*About this task*:
Your reply should reproduce all the data below exactly while excluding the pictures.
#### Records shown ####
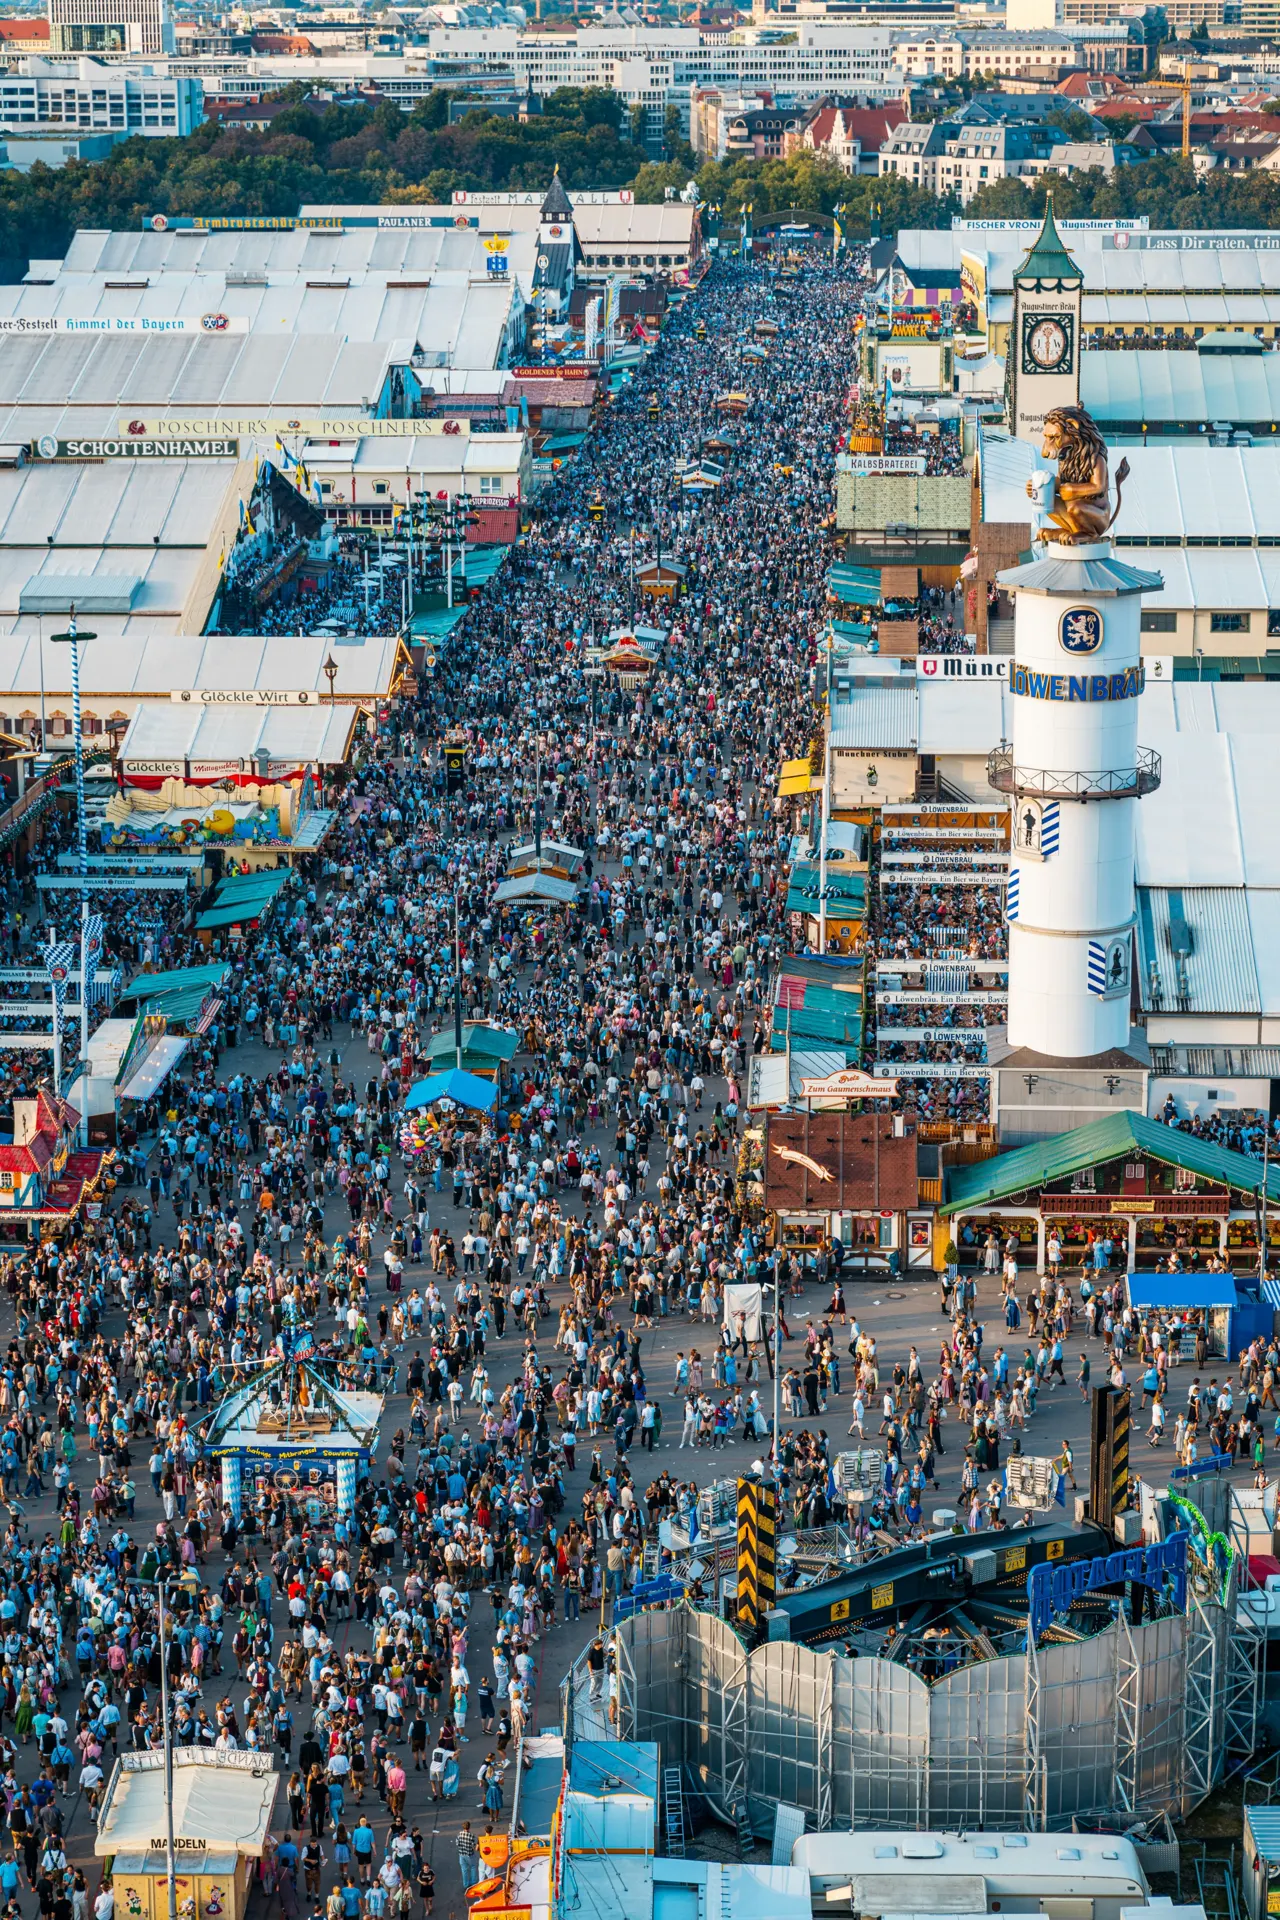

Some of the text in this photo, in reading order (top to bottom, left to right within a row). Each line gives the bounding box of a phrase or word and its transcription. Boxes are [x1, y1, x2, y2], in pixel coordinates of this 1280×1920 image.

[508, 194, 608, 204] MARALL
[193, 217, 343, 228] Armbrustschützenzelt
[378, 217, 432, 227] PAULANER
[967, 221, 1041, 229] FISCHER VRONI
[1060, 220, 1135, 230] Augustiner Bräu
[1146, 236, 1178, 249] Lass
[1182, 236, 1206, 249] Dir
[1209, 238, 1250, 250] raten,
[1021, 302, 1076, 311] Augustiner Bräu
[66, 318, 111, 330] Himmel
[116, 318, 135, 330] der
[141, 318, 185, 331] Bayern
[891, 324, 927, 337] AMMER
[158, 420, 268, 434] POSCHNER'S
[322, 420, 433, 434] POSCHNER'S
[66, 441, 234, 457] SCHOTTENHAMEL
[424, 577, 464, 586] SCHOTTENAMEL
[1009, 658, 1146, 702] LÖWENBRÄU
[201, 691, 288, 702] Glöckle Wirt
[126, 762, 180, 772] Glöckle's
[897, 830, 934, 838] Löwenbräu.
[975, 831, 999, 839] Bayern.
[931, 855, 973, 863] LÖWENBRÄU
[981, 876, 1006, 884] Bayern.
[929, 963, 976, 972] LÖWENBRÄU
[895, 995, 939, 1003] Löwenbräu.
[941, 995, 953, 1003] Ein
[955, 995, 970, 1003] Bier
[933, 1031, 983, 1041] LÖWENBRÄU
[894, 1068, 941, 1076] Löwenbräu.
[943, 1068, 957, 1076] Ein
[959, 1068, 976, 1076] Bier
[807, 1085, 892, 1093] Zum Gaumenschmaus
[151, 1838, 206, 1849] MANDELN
####
*Answer for the task*:
Some of the text in this photo, in reading order (top to bottom, left to right within a row). Each line gives the bounding box of a phrase or word and its transcription. Boxes are [x1, y1, x2, y2], in pixel coordinates of this 1280×1920 image.

[508, 194, 608, 204] MARALL
[193, 217, 343, 228] Armbrustschützenzelt
[378, 217, 432, 227] PAULANER
[967, 221, 1041, 229] FISCHER VRONI
[1060, 220, 1135, 230] Augustiner Bräu
[1146, 236, 1178, 249] Lass
[1182, 236, 1206, 249] Dir
[1209, 238, 1250, 250] raten,
[1021, 302, 1076, 311] Augustiner Bräu
[66, 318, 111, 330] Himmel
[116, 318, 135, 330] der
[141, 318, 185, 331] Bayern
[891, 324, 927, 337] AMMER
[158, 420, 268, 434] POSCHNER'S
[322, 420, 433, 434] POSCHNER'S
[66, 441, 234, 457] SCHOTTENHAMEL
[424, 577, 464, 586] SCHOTTENAMEL
[1009, 658, 1146, 702] LÖWENBRÄU
[201, 691, 288, 702] Glöckle Wirt
[126, 762, 180, 772] Glöckle's
[897, 830, 934, 838] Löwenbräu.
[975, 831, 999, 839] Bayern.
[931, 855, 973, 863] LÖWENBRÄU
[981, 876, 1006, 884] Bayern.
[929, 963, 976, 972] LÖWENBRÄU
[895, 995, 939, 1003] Löwenbräu.
[941, 995, 953, 1003] Ein
[955, 995, 970, 1003] Bier
[933, 1031, 983, 1041] LÖWENBRÄU
[894, 1068, 941, 1076] Löwenbräu.
[943, 1068, 957, 1076] Ein
[959, 1068, 976, 1076] Bier
[807, 1085, 892, 1093] Zum Gaumenschmaus
[151, 1838, 206, 1849] MANDELN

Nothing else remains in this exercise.